Volatility in current investment markets: Perspective
You may be reading headlines and news articles that give rise to understandable concern about the position of your investments presently. We want to provide some perspective to these events and reconfirm our support in navigating this current volatility.
Cutting through the ‘noise’
Popular news outlets and commentary can make a great deal of ‘noise’ about the progress of investment markets, especially when the movement of those markets is in a downward trend. It can seem that markets then lurch from one problem to another, as sentiment turns negative and media coverage gathers momentum. There are various attempts to put market performance in context with somewhat sensationalist statements seeking to grab attention. It can become confusing, and the natural reaction is to ask, can anything be done?
What is not communicated well is the extent to which these market issues affect you personally. Granted a fall in share or stock values will have some impact on your investment or pension portfolio, but it would be wrong to look at the kind of losses quoted for individual share prices, or even the FTSE and then assume similar losses also apply to your portfolio. It would be similarly wrong to think that such times are unexpected or unprecedented. They are neither.
Long term performance in perspective
Since the financial crisis of 2008, investors have enjoyed a period of positive returns and low levels of volatility. These ‘calm’ conditions are remarkable in themselves and we should bear in mind that such a long period of subdued volatility is historically very unusual.
All investors accept that risk is part of the deal. As your professional adviser, I seek to maximise the return you receive within a tolerable level of risk. We expect that during the life of your investments, there will be periods of negative returns, and that in these periods the investment solutions we have put in place will seek to limit the risk to which you are exposed, as well as position themselves to take advantage when positive conditions return. Here are three facts about periods of historical volatility:
- Following the 2008 financial crisis, the FTSE100 took approximately 23 months to return to their pre-crisis levels. The following 36 months posted returns of over 26% for investors. A typical investor should of course plan to invest for 5 years or more.
- Between July 2011 and August 2011, the FTSE100 lost approximately 15%, meanwhile a typical diversified retail investment fund, and recommended Sandringham investment solution, lost 5.8% in the same period.
- 15 year returns of both the FTSE and the Sandringham investment solution (mentioned above) are in excess of 115% cumulatively.
You are well positioned
By investing in a portfolio or fund that has exposure to a broad range of assets you a diversifying the risk of your holdings, which is invaluable in periods of volatility. Put simply, you are not fully invested in the UK stock market (and so the FTSE performance is only partially relevant to you). Nor are you invested predominantly in Oil stocks, and so concerns about Russian/OPEC competition are only important to the extent they impact wider markets. Additionally, your investments are spread geographically, which lends resilience to the potential spread of virus or disease around the globe.
Its important to monitor your investment, but we must counter the temptation to make short term decisions by continuing to look at your personal goals and timescales, as well as draw on the weight of historical evidence that help to inform a successful approach in these times of some uncertainty.

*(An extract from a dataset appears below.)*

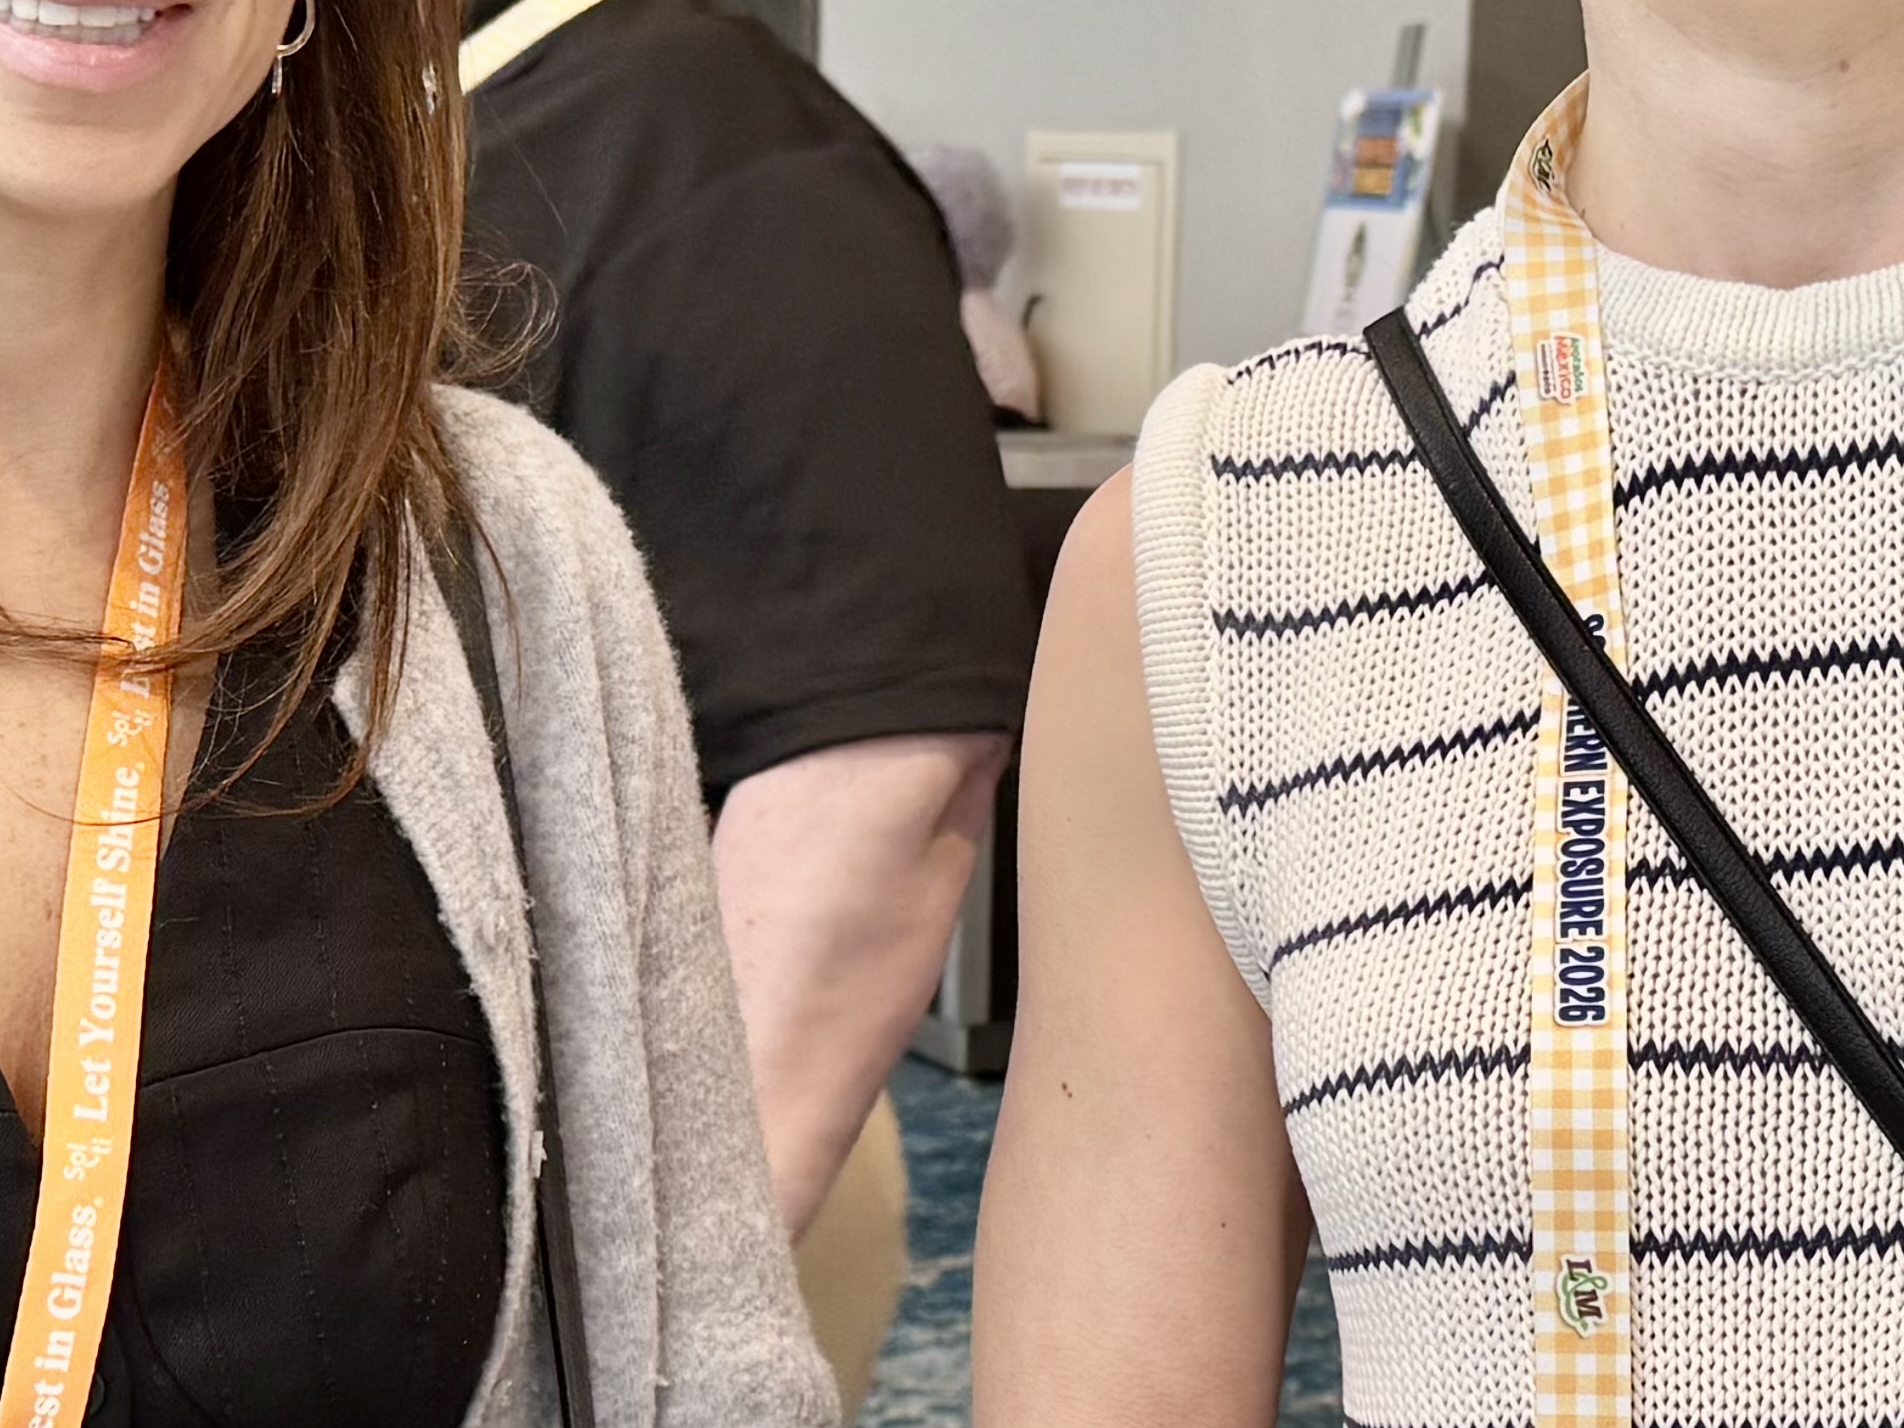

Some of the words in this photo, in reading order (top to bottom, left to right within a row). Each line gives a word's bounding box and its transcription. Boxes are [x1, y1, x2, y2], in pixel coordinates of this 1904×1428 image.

What is certain is that making changes to your portfolio now will crystallise any losses now, risk missing out on any future gains, and place you in the almost impossible position of needing to make a future decision about when to re-invest, if at all.
The overriding weight of academic and historical data shows that clients (and advisers) are unable to ‘time’ the markets effectively. There may well be more volatility to come and but we would recommend countering this with considered and objective decisions based on your own long-term needs and objectives rather than ‘react’ to circumstances on a wider scale.